:: Supplied entries ::

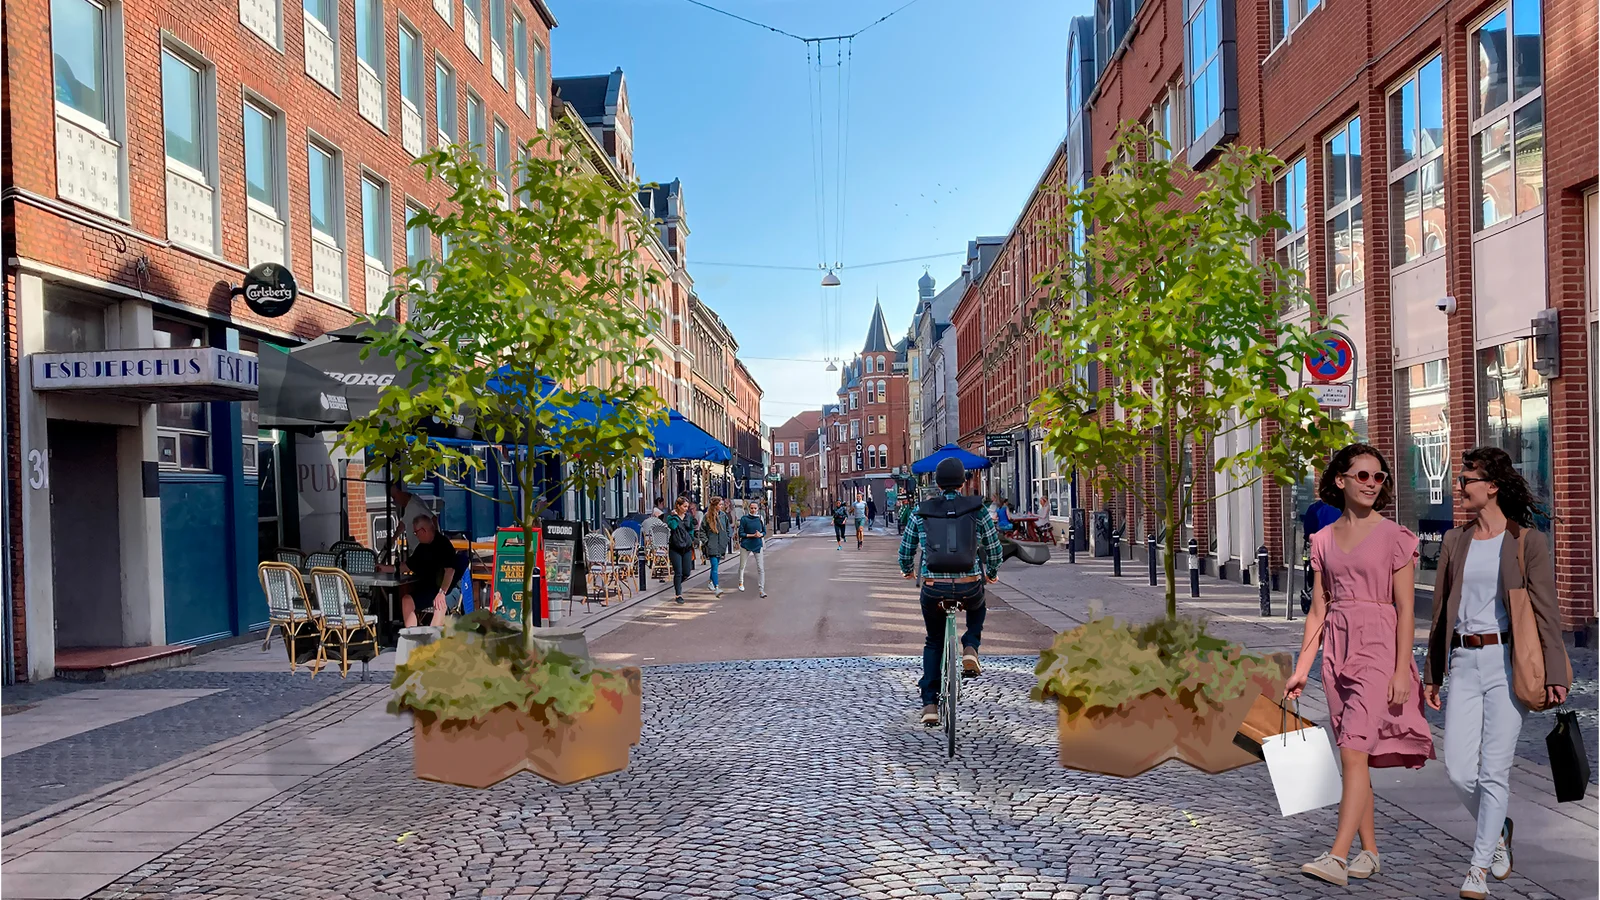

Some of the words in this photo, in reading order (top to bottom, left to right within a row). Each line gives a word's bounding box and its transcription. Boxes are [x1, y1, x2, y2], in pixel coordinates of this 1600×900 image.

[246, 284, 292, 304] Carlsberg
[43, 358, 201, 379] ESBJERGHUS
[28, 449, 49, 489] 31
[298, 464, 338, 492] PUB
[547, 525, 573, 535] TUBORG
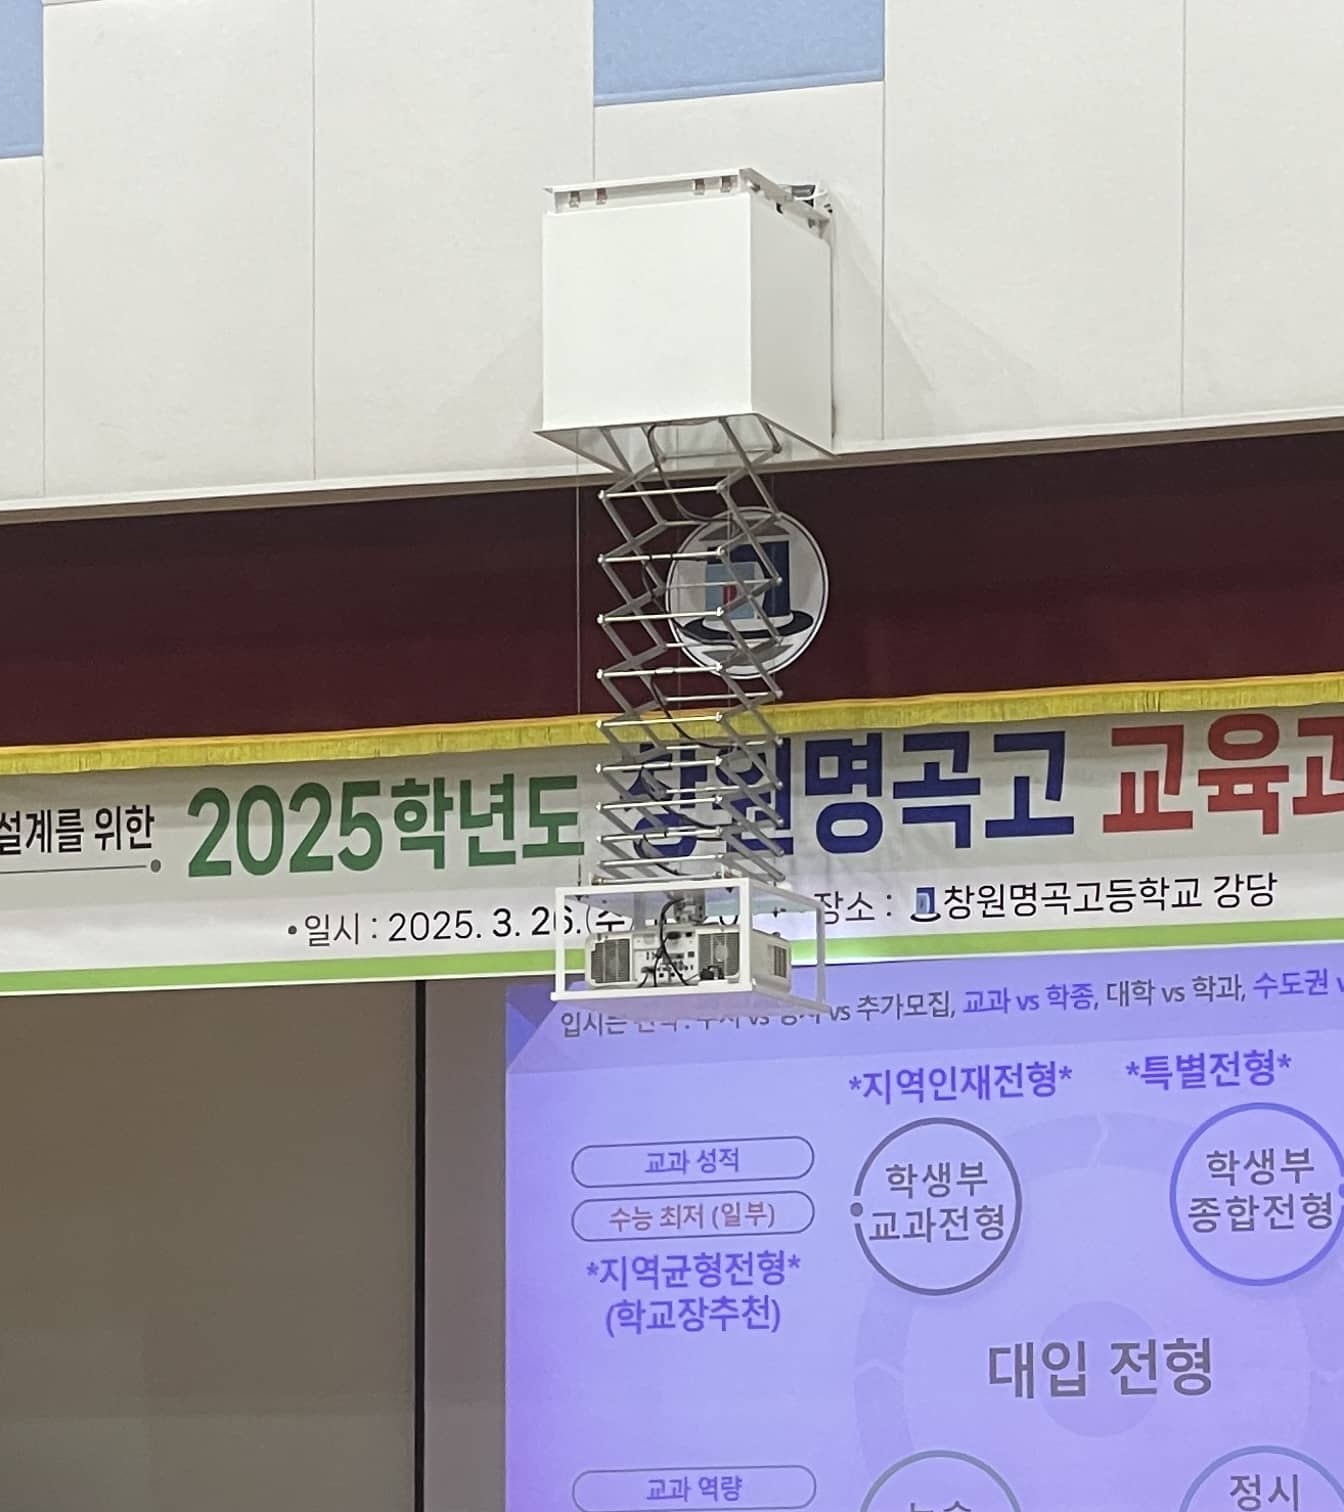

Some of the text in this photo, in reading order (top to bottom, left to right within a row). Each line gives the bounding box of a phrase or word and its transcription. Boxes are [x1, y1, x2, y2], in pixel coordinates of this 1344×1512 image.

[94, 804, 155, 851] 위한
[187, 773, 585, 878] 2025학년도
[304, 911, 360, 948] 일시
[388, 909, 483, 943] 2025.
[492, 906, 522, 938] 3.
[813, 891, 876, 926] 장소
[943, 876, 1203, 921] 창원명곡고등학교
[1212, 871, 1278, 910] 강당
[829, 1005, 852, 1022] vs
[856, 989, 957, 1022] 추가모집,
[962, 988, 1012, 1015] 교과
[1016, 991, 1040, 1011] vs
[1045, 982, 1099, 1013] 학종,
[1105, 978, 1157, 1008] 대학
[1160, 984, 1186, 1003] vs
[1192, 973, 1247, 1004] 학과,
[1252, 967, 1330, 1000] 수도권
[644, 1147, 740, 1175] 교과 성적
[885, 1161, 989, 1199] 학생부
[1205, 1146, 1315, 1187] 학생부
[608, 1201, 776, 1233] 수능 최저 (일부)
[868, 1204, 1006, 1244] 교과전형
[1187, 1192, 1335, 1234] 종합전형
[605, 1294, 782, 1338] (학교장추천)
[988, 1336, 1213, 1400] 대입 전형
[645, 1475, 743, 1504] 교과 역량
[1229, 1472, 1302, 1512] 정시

:::

- How to complete this task -
Nothing but the lines from the one holding "Some of the text" to the end of the entries should be output, each exactly as it appears.

- Result below -
Some of the text in this photo, in reading order (top to bottom, left to right within a row). Each line gives the bounding box of a phrase or word and its transcription. Boxes are [x1, y1, x2, y2], in pixel coordinates of this 1344×1512 image.

[94, 804, 155, 851] 위한
[187, 773, 585, 878] 2025학년도
[304, 911, 360, 948] 일시
[388, 909, 483, 943] 2025.
[492, 906, 522, 938] 3.
[813, 891, 876, 926] 장소
[943, 876, 1203, 921] 창원명곡고등학교
[1212, 871, 1278, 910] 강당
[829, 1005, 852, 1022] vs
[856, 989, 957, 1022] 추가모집,
[962, 988, 1012, 1015] 교과
[1016, 991, 1040, 1011] vs
[1045, 982, 1099, 1013] 학종,
[1105, 978, 1157, 1008] 대학
[1160, 984, 1186, 1003] vs
[1192, 973, 1247, 1004] 학과,
[1252, 967, 1330, 1000] 수도권
[644, 1147, 740, 1175] 교과 성적
[885, 1161, 989, 1199] 학생부
[1205, 1146, 1315, 1187] 학생부
[608, 1201, 776, 1233] 수능 최저 (일부)
[868, 1204, 1006, 1244] 교과전형
[1187, 1192, 1335, 1234] 종합전형
[605, 1294, 782, 1338] (학교장추천)
[988, 1336, 1213, 1400] 대입 전형
[645, 1475, 743, 1504] 교과 역량
[1229, 1472, 1302, 1512] 정시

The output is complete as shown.